• **Your task**:
Lines before the one containing "Some of the words" are excluded; reproduce that line and all lines after it in the entries below, exactly.

• **Information shown**:

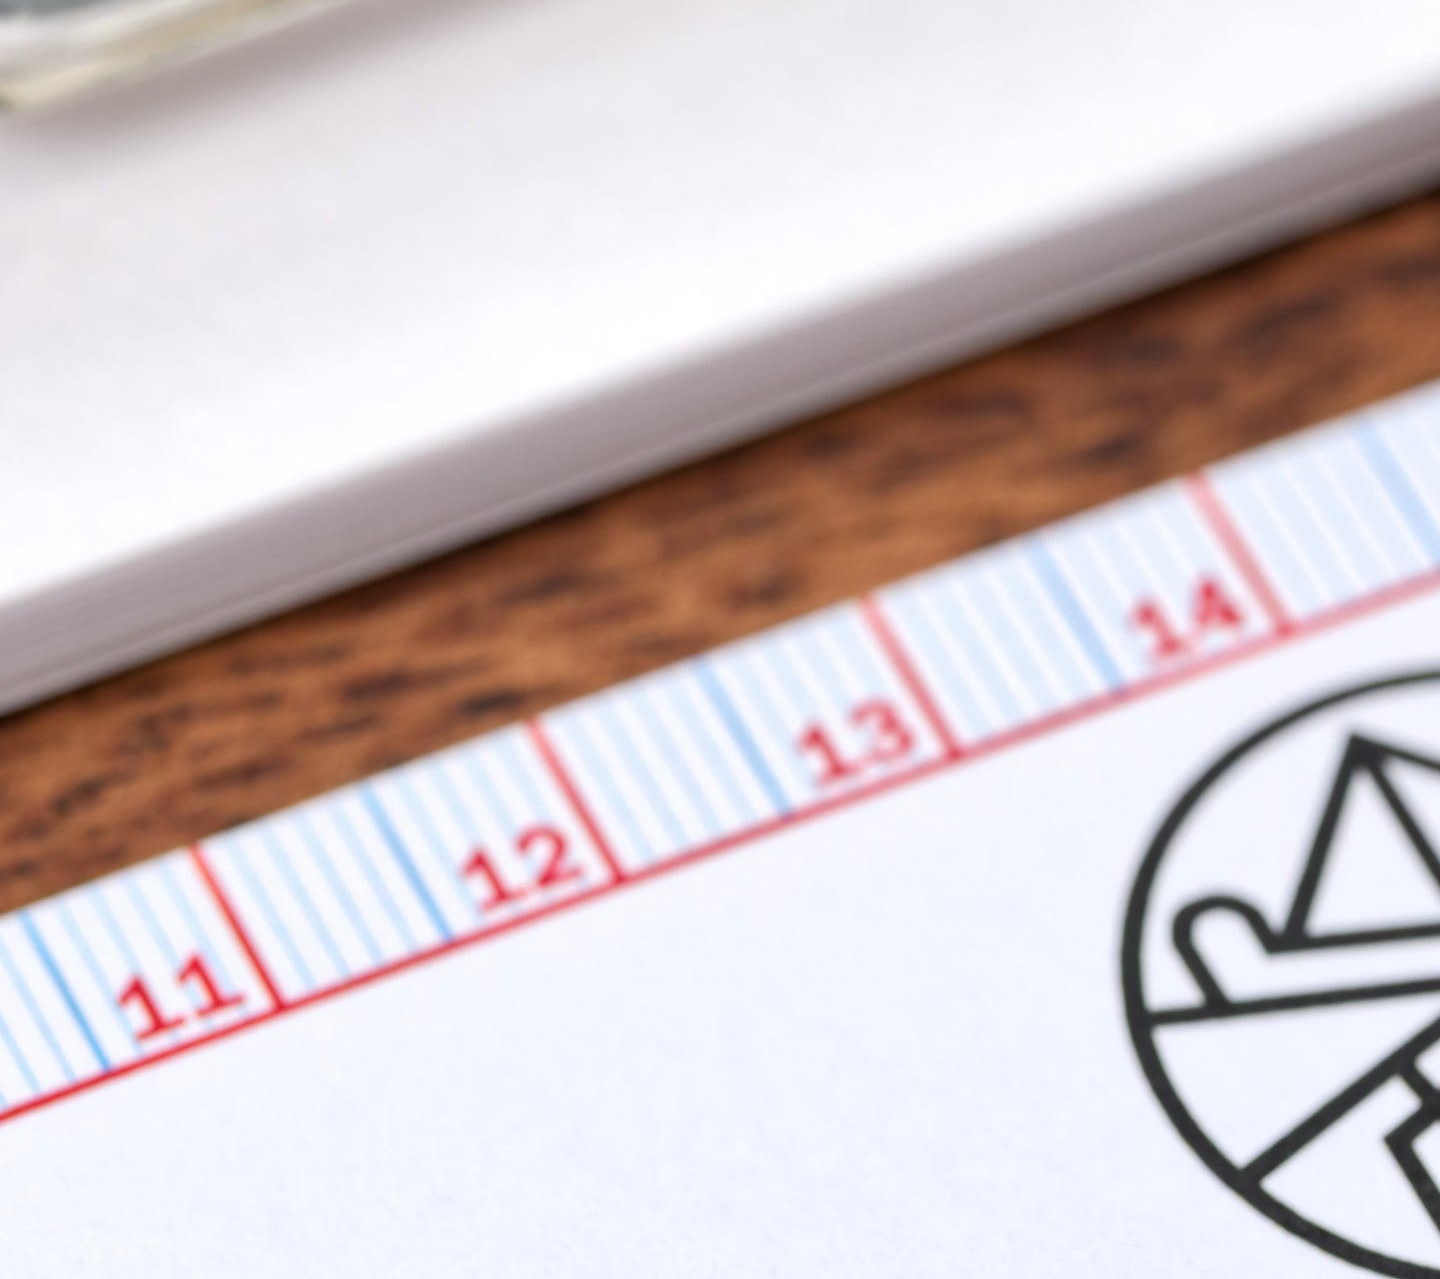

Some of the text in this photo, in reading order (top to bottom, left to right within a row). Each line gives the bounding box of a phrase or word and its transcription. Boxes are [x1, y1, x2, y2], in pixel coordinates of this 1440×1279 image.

[118, 952, 245, 1044] 11
[458, 822, 588, 916] 12
[792, 700, 916, 788] 13
[1130, 576, 1250, 668] 14
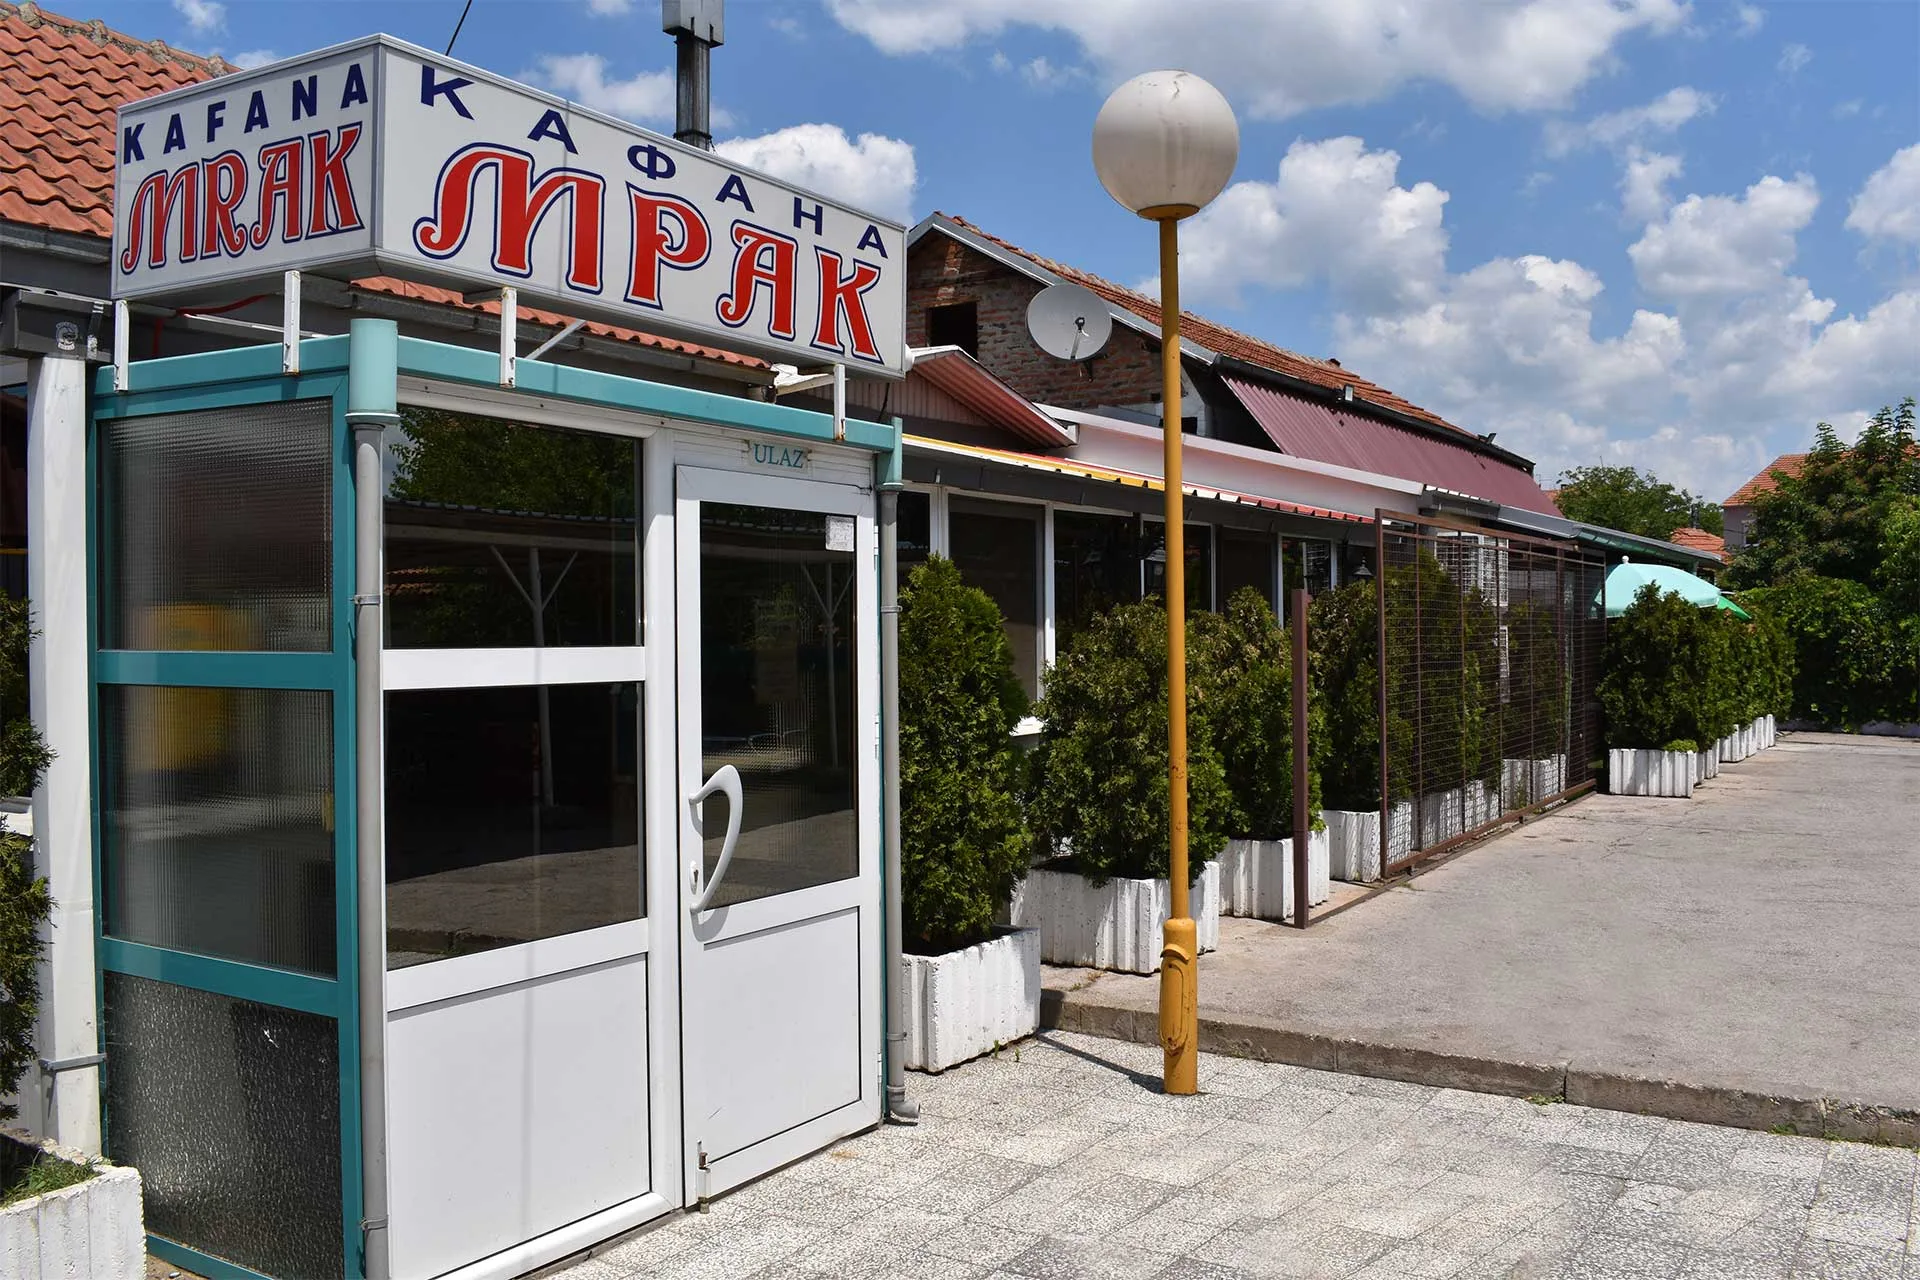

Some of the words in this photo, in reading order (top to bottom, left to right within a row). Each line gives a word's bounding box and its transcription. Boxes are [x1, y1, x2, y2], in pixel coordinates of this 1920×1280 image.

[124, 63, 368, 164] KAFANA
[421, 65, 888, 259] КАФАНА
[121, 121, 365, 274] MRAK
[413, 143, 883, 365] МРАК
[754, 443, 804, 468] ULAZ

• **Result**:
Some of the words in this photo, in reading order (top to bottom, left to right within a row). Each line gives a word's bounding box and its transcription. Boxes are [x1, y1, x2, y2], in pixel coordinates of this 1920×1280 image.

[124, 63, 368, 164] KAFANA
[421, 65, 888, 259] КАФАНА
[121, 121, 365, 274] MRAK
[413, 143, 883, 365] МРАК
[754, 443, 804, 468] ULAZ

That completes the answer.